Column chart of $bn showing Value of global M&A deals in the proptech sector

“If I buy a property, I instruct the lawyers but only find out what’s going on maybe the day before exchange of contracts. There’s a lack of transparency and a lot of inefficiency from people duplicating effort,” says Kirby.

For a raft of new proptech companies, those inefficiencies are opportunities. “Mortgage technology and the underwriting process needs to get a whole lot better, it is ripe for disruption,” says Roelof Opperman managing director of real estate at Fifth Wall, a leading proptech-focused venture capital fund. “And the sales process, price discovery, viewings, all that needs speeding up.”

Companies that can do this are now in high demand. In 2020, the value of mergers and acquisitions in the proptech sector more than quadrupled year-on-year, to nearly $40bn, according to data from Dealogic.

But Opperman thinks the adoption of technology in property will probably come in three distinct stages.

First, and already under way, is the use of technology to simplify routine tasks in the buying process, such as getting a mortgage.

“A lot of times these companies start because a programmer tries to apply for a mortgage and just thinks: ‘oh my gosh’,” explains Opperman. That was true for Hegarty, who decided to set up online lender Habito after “a comically disastrous” time trying to secure a mortgage on his first home around six years ago. 

“We eventually got the house but it was very stressful,” he says. “Mortgages and the housebuying purchase is bizarrely byzantine, and everyone is almost by definition incompetent, because you only do it once. We thought if we brought a customer-centric viewpoint and some technology to it, we could improve things.”

Second in the proptech rollout will be tenant engagement, according to Opperman. A range of apps is already available to help office tenants better navigate their buildings. “In a high-end office area, that’s a must-have now,” says Opperman, who predicts similar services will proliferate in the world of residential property. 

Third, technology could ultimately compress the buying process into an experience as straightforward as a purchase from Amazon. “In the residential market, the holy grail we talk about is the ‘one-click close’. You do a virtual tour, you hit that button and it’s done,” Opperman suggests.

However, none of the property experts that the FT polled expects that to happen soon, and the majority of innovation in residential property is currently aimed at improving the existing buying process, rather than reinventing it.

One of the more ambitious projects in this area began in early 2019, when the Land Registry worked with Mishcon de Reya to process a transaction digitally using blockchain. As a distributed database technology, blockchain could increase transparency, speed and security, says Kirby. 

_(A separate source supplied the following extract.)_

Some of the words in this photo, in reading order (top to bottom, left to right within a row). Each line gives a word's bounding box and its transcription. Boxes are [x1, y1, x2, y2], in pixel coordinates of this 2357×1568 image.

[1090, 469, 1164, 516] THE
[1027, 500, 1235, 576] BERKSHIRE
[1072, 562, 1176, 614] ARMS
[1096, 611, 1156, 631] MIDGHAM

Blockchain could bring “extraordinary value” to the real estate industry, says David Fisher, founder of Integra Ledger, which uses the technology to authenticate legal documents and help automate their transfer. 

“For commercial real estate — the largest asset class in the world and also one of the most chaotic and manual — there is massive value locked up in documents and contracts,” he points out. “Technology removes administrative costs and errors. Two parties can transact with less friction without requiring huge changes in behaviour.”

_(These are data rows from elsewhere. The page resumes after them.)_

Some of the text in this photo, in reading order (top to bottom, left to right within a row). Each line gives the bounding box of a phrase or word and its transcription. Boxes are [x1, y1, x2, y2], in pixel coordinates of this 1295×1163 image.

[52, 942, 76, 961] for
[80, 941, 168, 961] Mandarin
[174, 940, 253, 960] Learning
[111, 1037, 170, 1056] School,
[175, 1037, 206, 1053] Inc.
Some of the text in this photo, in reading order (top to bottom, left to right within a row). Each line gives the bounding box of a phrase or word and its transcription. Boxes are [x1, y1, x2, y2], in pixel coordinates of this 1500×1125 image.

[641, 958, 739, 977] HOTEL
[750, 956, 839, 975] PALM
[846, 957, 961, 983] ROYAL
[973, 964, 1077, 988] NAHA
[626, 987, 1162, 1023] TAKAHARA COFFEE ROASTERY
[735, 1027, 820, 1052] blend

Contract handling adds to blockchain’s existing applications, from underpinning cryptocurrencies to authenticating precious stones. But more important than the database aspect is the act of digitising large chunks of the sales process, cutting out paperwork and intermediaries. “The underlying tech is not so important; but [its existence] has forced people to rethink how they do things,” says Kirby.

Even so, change is likely to come gradually in a property sector that has often been slow to adopt new technology.

In a survey conducted last year, global property company JLL asked real estate investors to rank the long-term trends affecting real estate. Top of the list was climate change, followed by the risk of a global recession. Proptech ranked sixth.

“The right here, right now stuff is focused on improving customer experience and efficiency,” admits Kirby. “Wholesale changes [such as using blockchain for residential transactions] are probably more for the future.”